■ WHAT IS REQUIRED
Nothing but the text of the listing, repeated exactly, belongs in the answer; leave the images out.

■ RECORD EXTRACTS
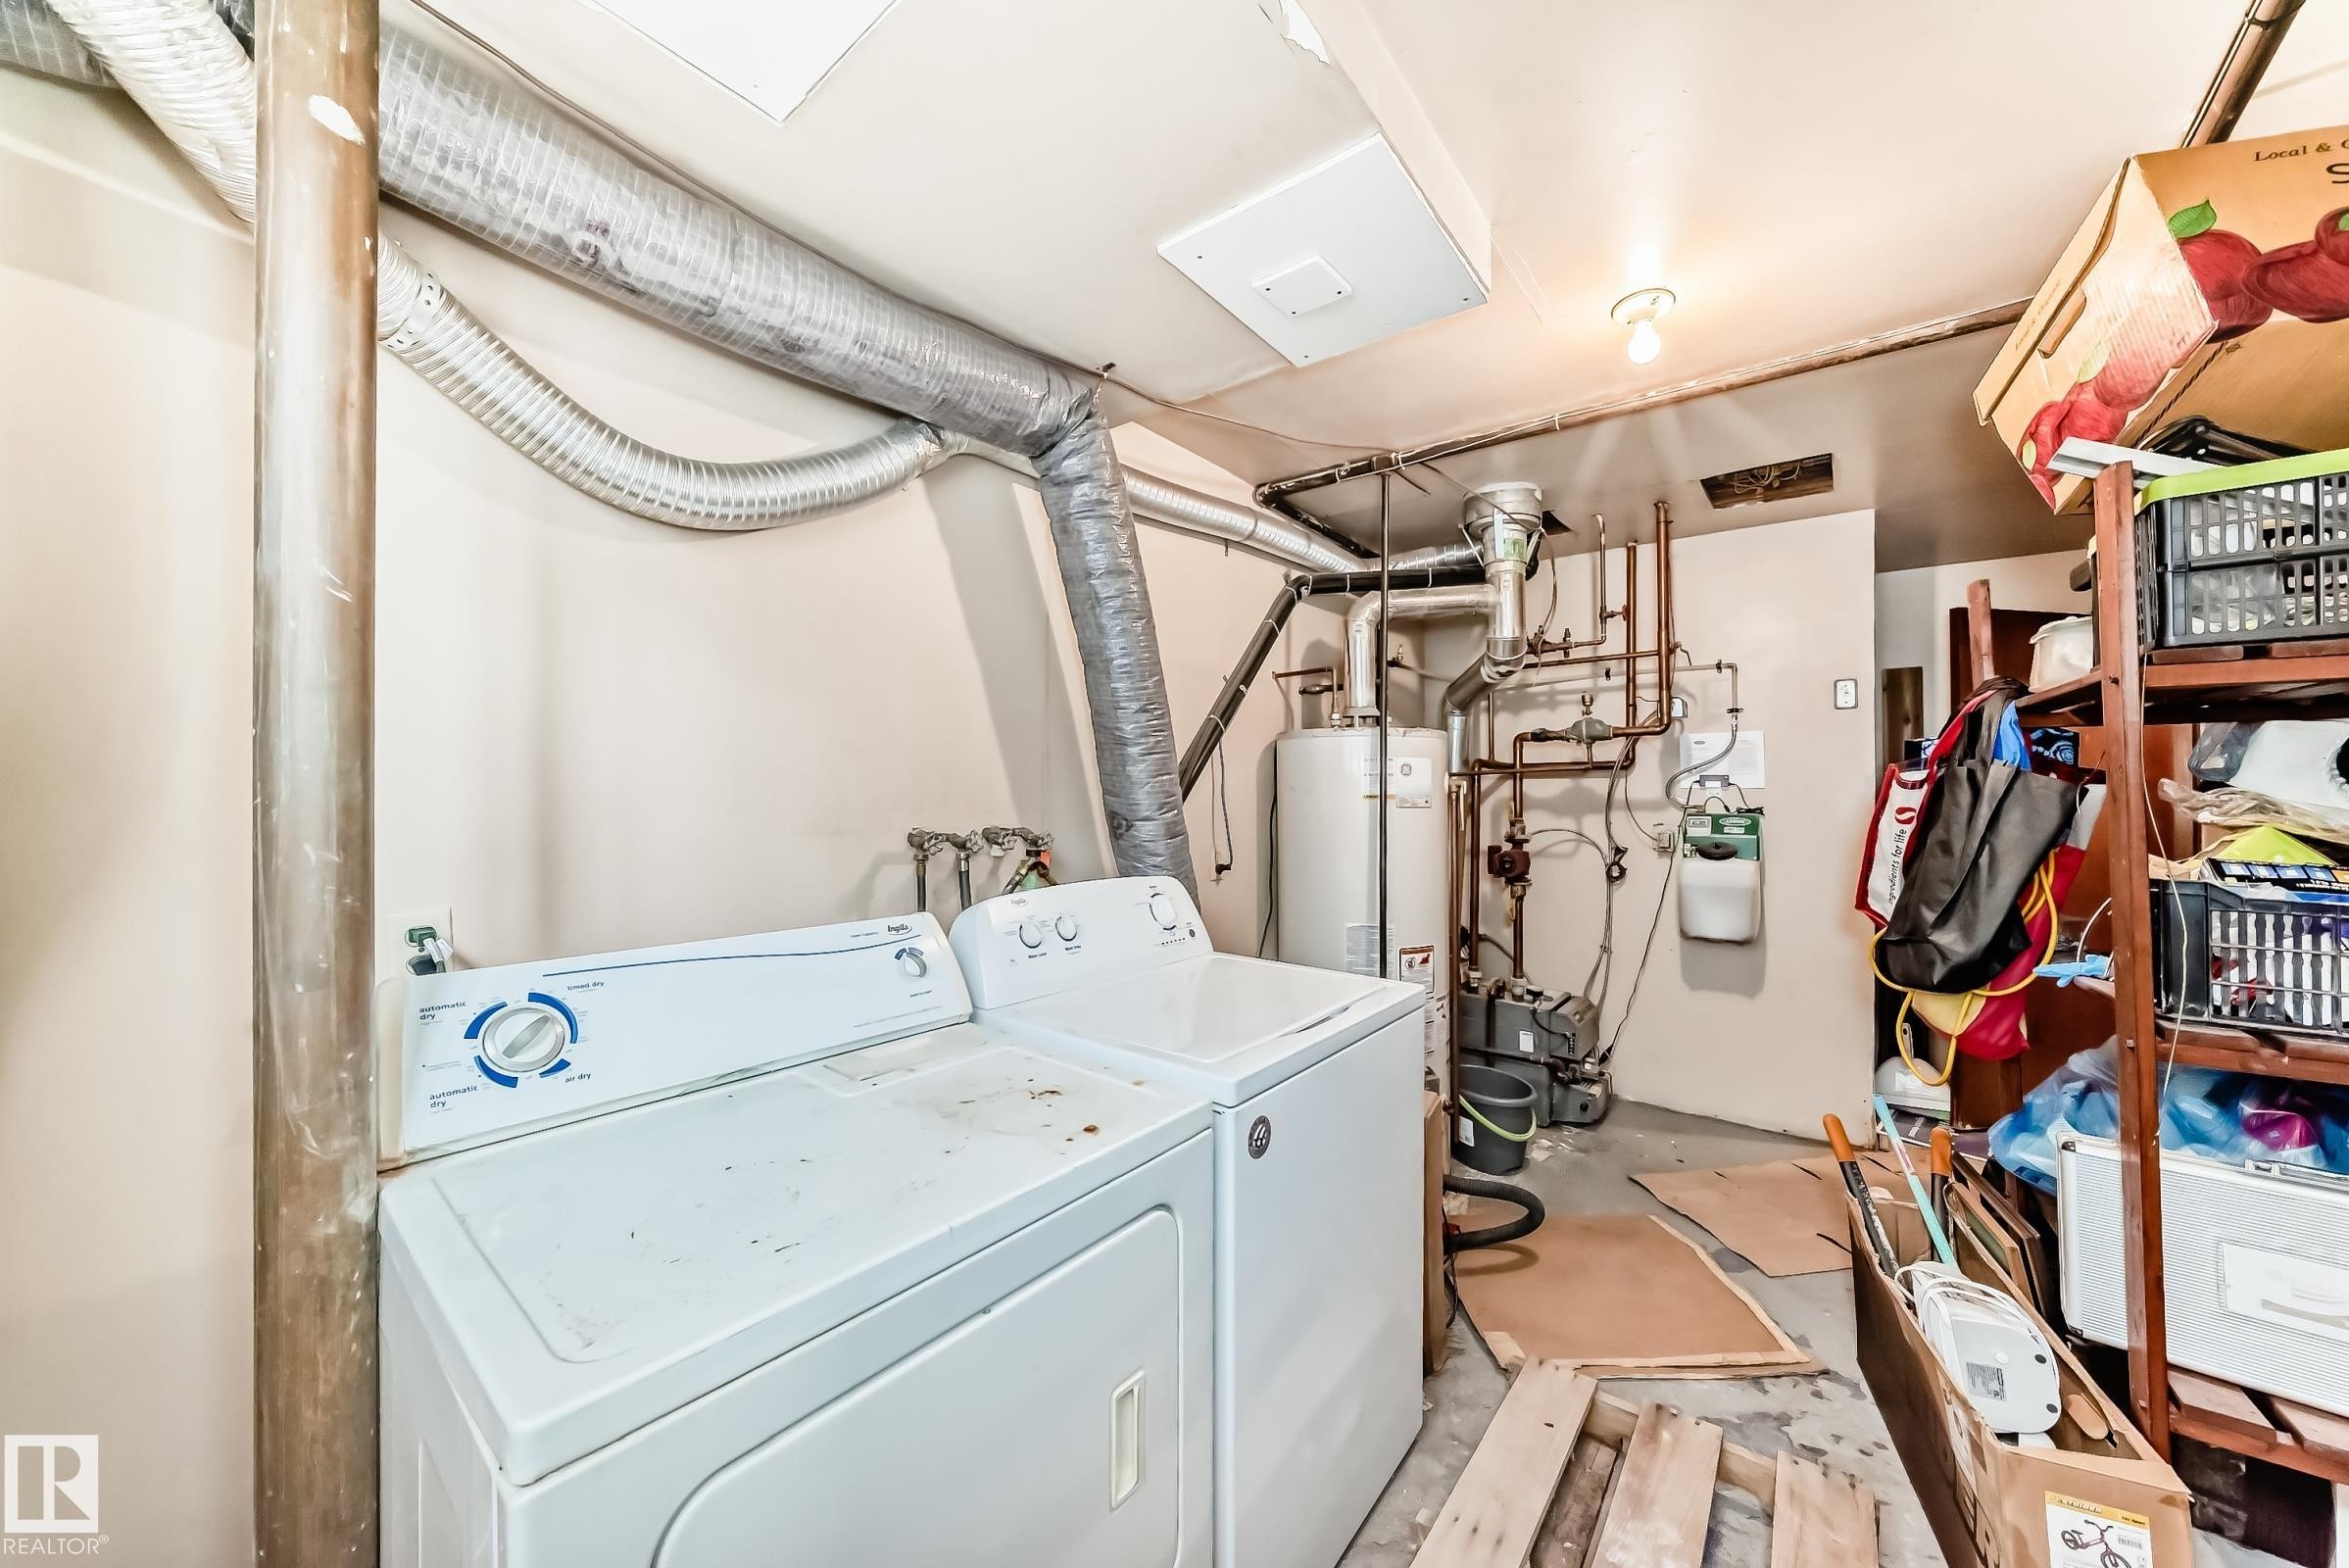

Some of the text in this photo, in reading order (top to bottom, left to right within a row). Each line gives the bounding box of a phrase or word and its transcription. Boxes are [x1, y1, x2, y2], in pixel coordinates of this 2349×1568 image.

[2254, 145, 2308, 162] Local
[2315, 142, 2333, 153] &
[1887, 828, 1907, 905] ingredients for life
[592, 980, 605, 989] dry
[418, 1001, 466, 1013] automatic
[419, 1012, 436, 1021] dry
[577, 1072, 592, 1081] dry
[429, 1085, 479, 1101] automatic
[429, 1100, 447, 1108] dry

■ EXERCISE ANSWER
Some of the text in this photo, in reading order (top to bottom, left to right within a row). Each line gives the bounding box of a phrase or word and its transcription. Boxes are [x1, y1, x2, y2], in pixel coordinates of this 2349×1568 image.

[2254, 145, 2308, 162] Local
[2315, 142, 2333, 153] &
[1887, 828, 1907, 905] ingredients for life
[592, 980, 605, 989] dry
[418, 1001, 466, 1013] automatic
[419, 1012, 436, 1021] dry
[577, 1072, 592, 1081] dry
[429, 1085, 479, 1101] automatic
[429, 1100, 447, 1108] dry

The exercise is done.